• [WHAT TO DO]: Each line of the data is to be output verbatim, with the images removed.

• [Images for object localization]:
======

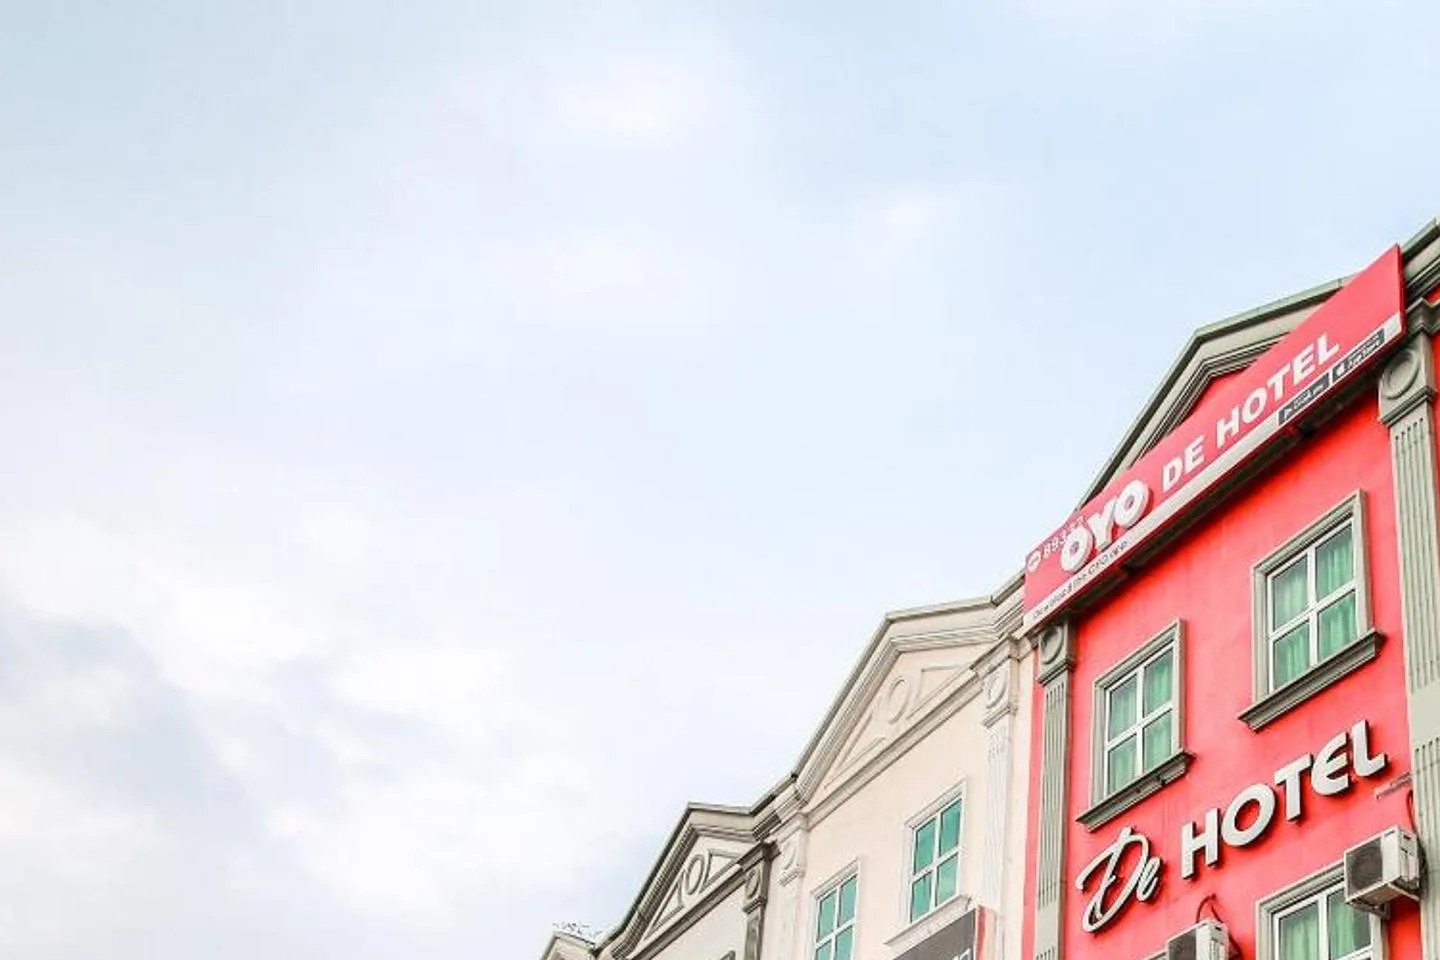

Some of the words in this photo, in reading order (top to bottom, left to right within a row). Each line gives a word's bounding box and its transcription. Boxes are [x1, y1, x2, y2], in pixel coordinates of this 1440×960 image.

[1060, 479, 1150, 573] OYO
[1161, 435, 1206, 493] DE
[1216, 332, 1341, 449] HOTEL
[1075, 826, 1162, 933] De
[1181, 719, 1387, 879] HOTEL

======

• [RESPONSE TO THIS EXERCISE]:
Some of the words in this photo, in reading order (top to bottom, left to right within a row). Each line gives a word's bounding box and its transcription. Boxes are [x1, y1, x2, y2], in pixel coordinates of this 1440×960 image.

[1060, 479, 1150, 573] OYO
[1161, 435, 1206, 493] DE
[1216, 332, 1341, 449] HOTEL
[1075, 826, 1162, 933] De
[1181, 719, 1387, 879] HOTEL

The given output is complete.